Friend, if i tell you my pain is nothing compared to the stories i read as shared by different women you have to believe me. Some utilize most of their leave days from work to stay home because they can barely walk, one medically hit menopause at the age of fifteen, another quit her job because her colleagues complained about her working from home whenever it was that time of the month. Plus so many others you can check out this one https://www.healthline.com/health-news/personal-painful-ordeal-of-women-with-endometriosis-061815
The symptoms differ for every female and that’s why some get diagnosed a little later when the condition is ugly. Let me get back to why I’ve decided to write about this. This illness has so much control about pretty much everything in my life. My body physique for starters, i have a hormonal belly which is hard to shred, bad digestion process so i have to watch what i eat, anxiety and depression because i grow fat from stress and people will call me out on it as if i shove 10 butter cream cupcakes down my throat everyday. The hormonal imbalance has me loving someone today and hating them tomorrow and last but not least the intimacy situation. It’s such a load to carry but i handle it with patience and faith that it will get better.

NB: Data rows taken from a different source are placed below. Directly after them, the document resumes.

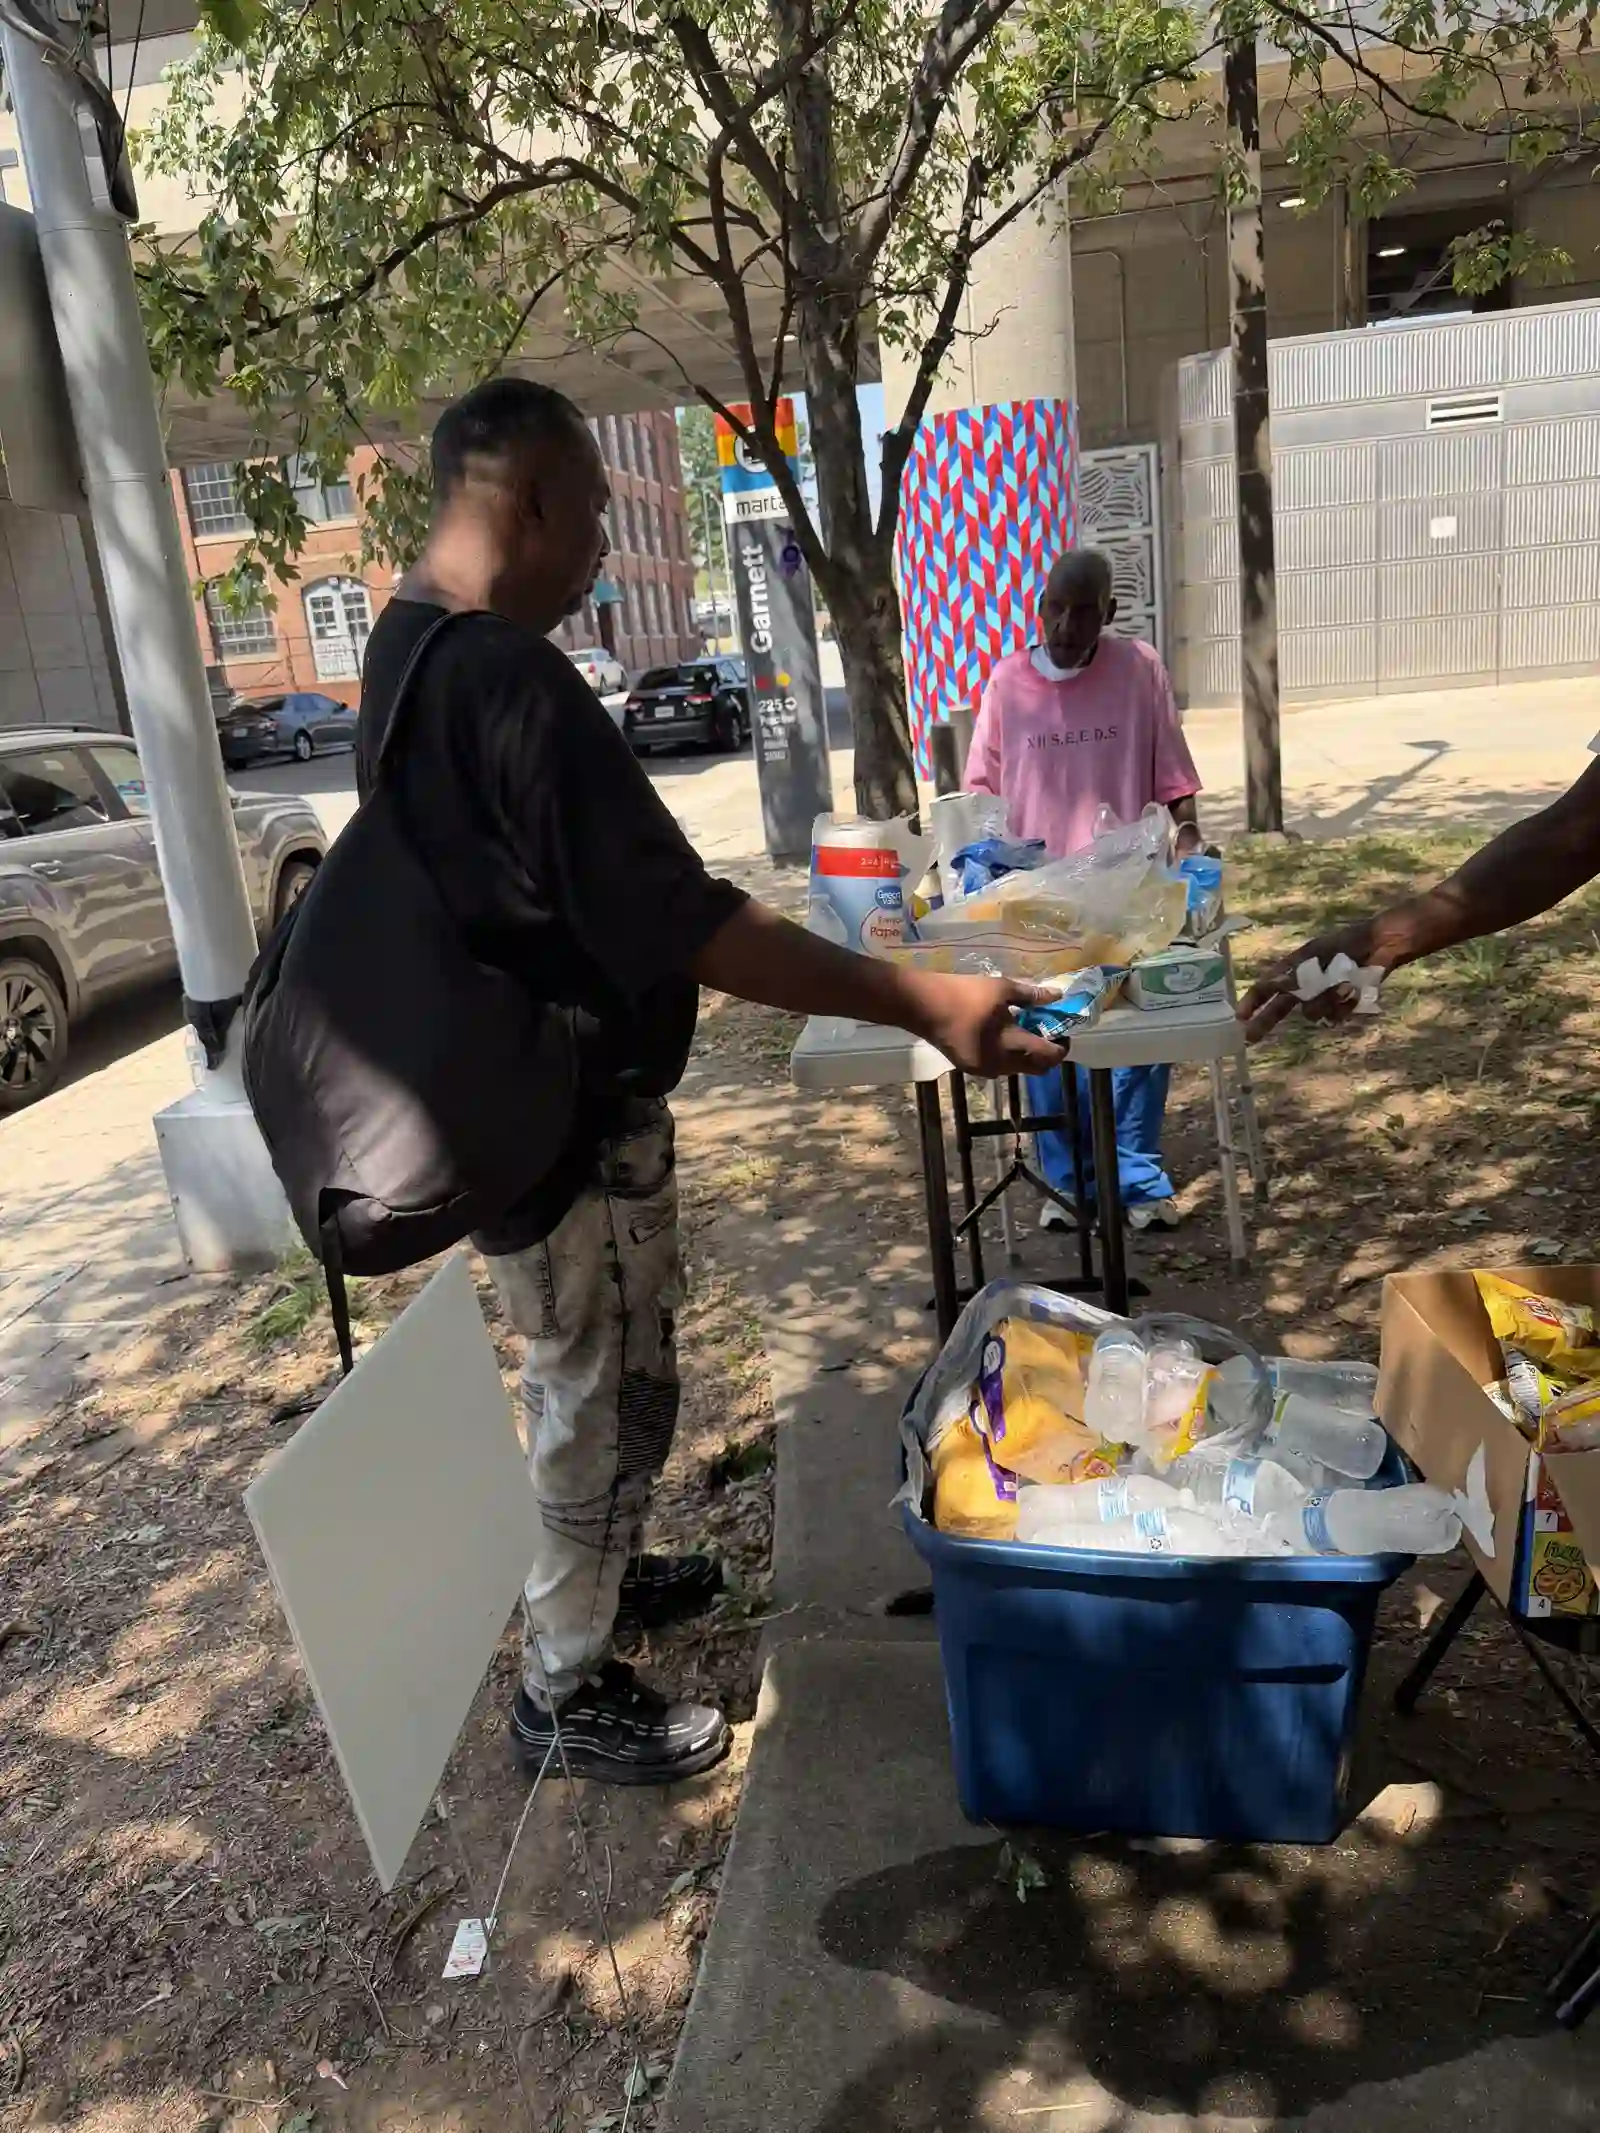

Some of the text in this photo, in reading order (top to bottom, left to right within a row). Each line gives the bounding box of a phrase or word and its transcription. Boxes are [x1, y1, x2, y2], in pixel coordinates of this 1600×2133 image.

[736, 495, 787, 516] marta
[741, 543, 773, 654] Garnett
[758, 698, 783, 713] 225
[869, 925, 900, 940] Pape
[1544, 1512, 1552, 1524] 7
[1537, 1598, 1545, 1609] 4
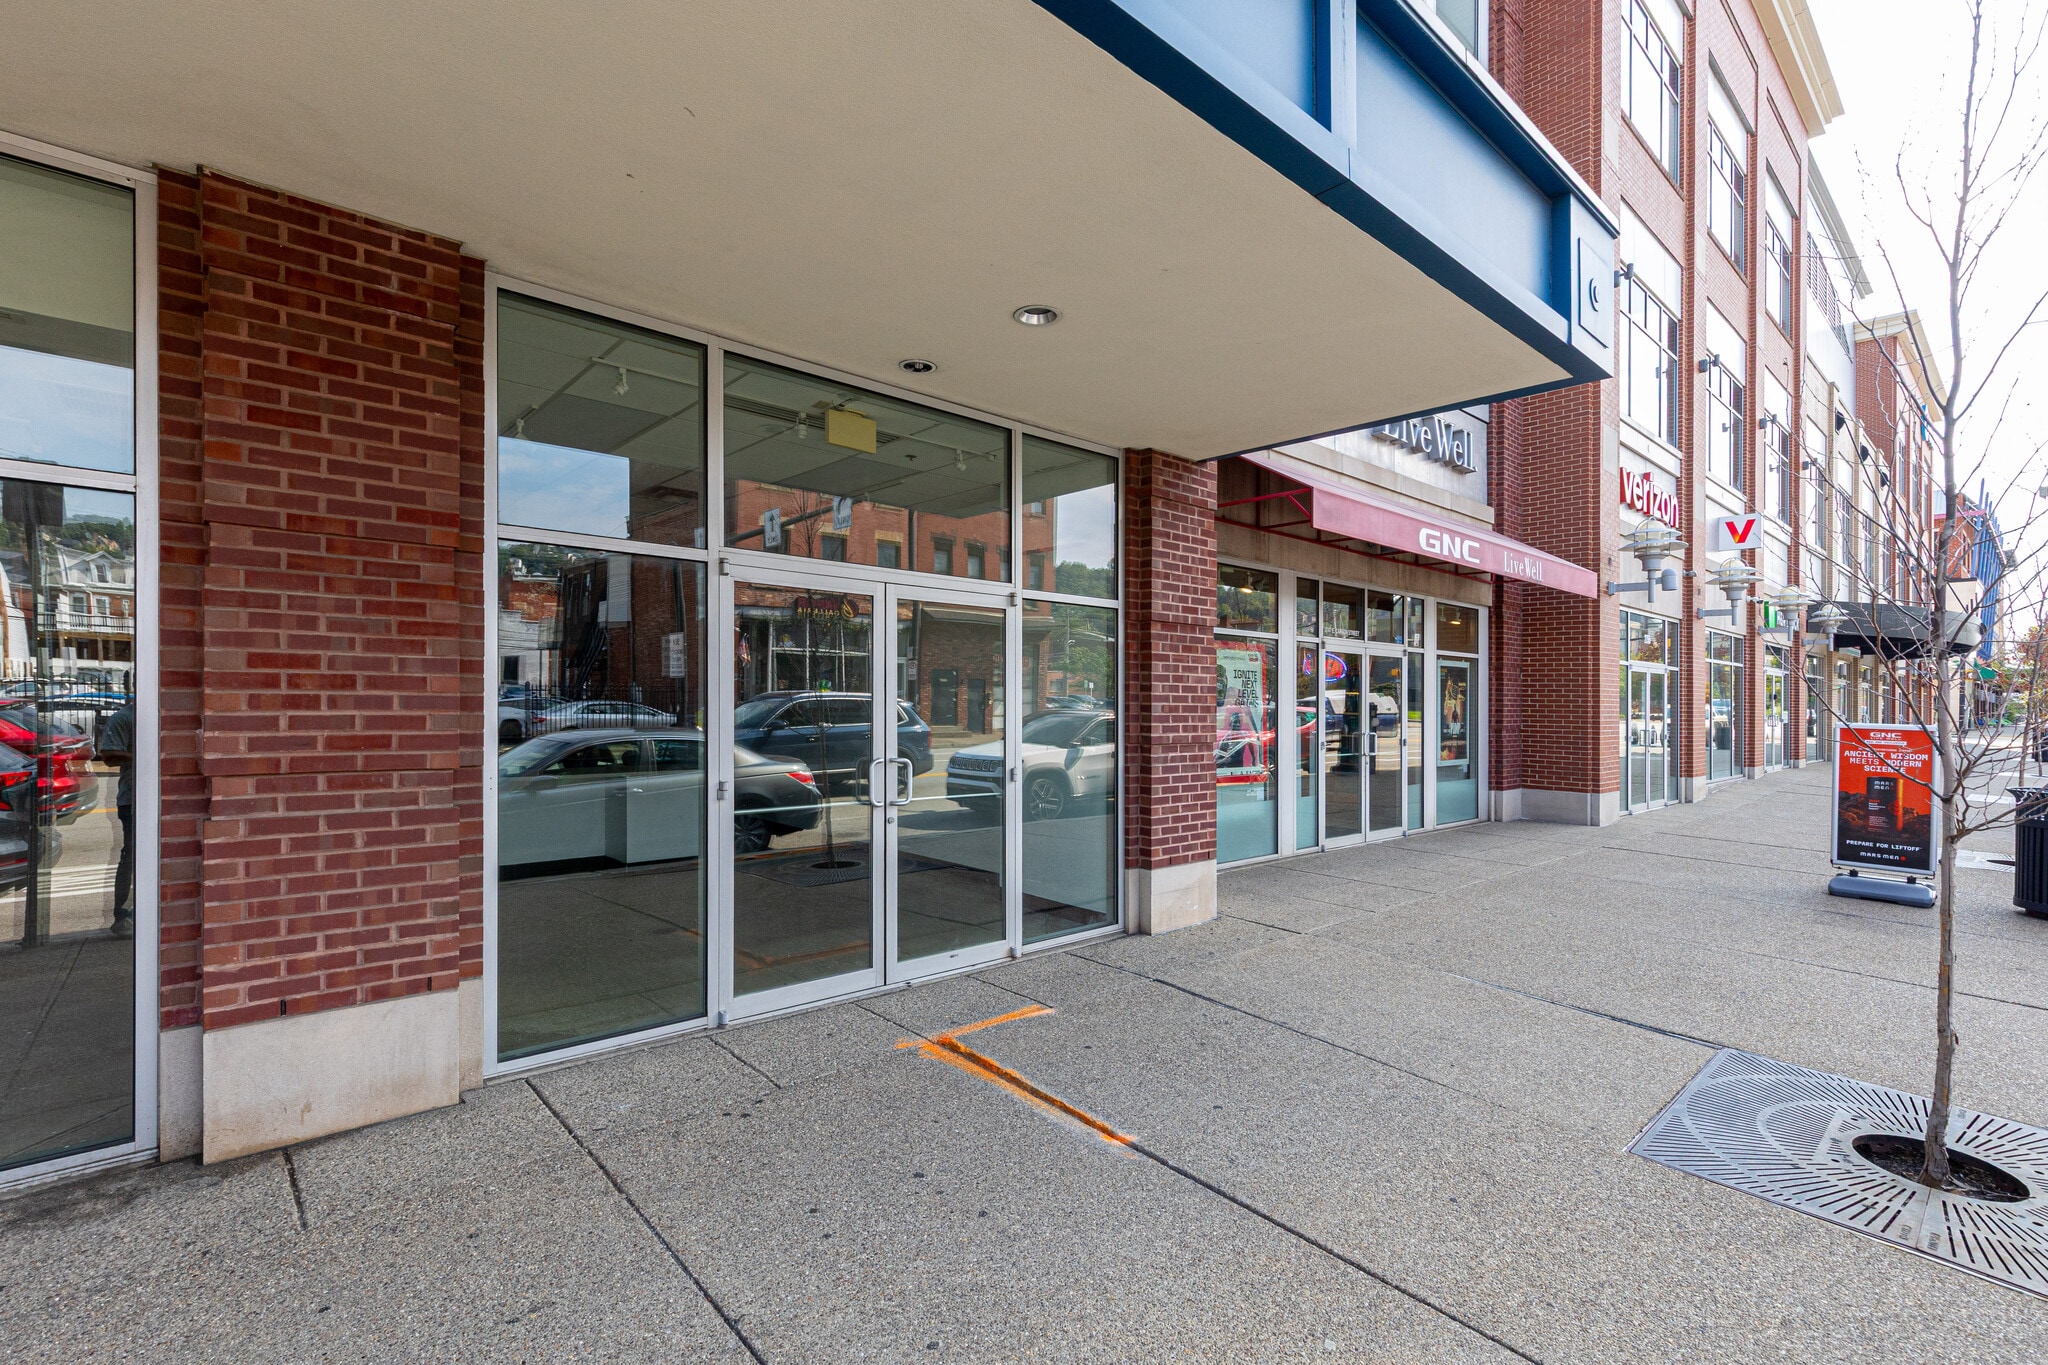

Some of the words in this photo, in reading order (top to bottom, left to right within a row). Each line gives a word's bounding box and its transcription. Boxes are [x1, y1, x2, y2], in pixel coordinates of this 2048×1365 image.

[1620, 467, 1680, 528] verizon
[1419, 527, 1480, 564] GNC
[1233, 669, 1257, 680] IGNITE
[1241, 680, 1257, 689] NEXT
[1238, 689, 1259, 699] LEVEL
[1870, 731, 1902, 739] GNC
[1849, 757, 1880, 765] MEETS
[1890, 752, 1929, 761] WISDOM
[1846, 839, 1874, 848] PREPARE

During the lock down, i decided to study my body and assess my life from the past seven years and i realized my endometriosis situation has been controlling me the entire time. If I’d known that a while back I’d have handled life better but we make our choices and that’s not me saying i regret it. I’m proud to say my mental health is stable and I’m happy, extremly thankful to my unpaid therapists at least all our hours of talking have helped me realize what the root cause has been. I even know where I’m going with this blog journey and my life with this unfriendly illness of mine.
The story does not end here, we are going to go deeper into this chronic illness and i’ll share my experience because it feels like i’m reliving some parts. This is part one of my story and i hope you stick around. These stories need to be told and we need to be heard to find one another but most importantly to get help and offer it to those who don’t even know they need it.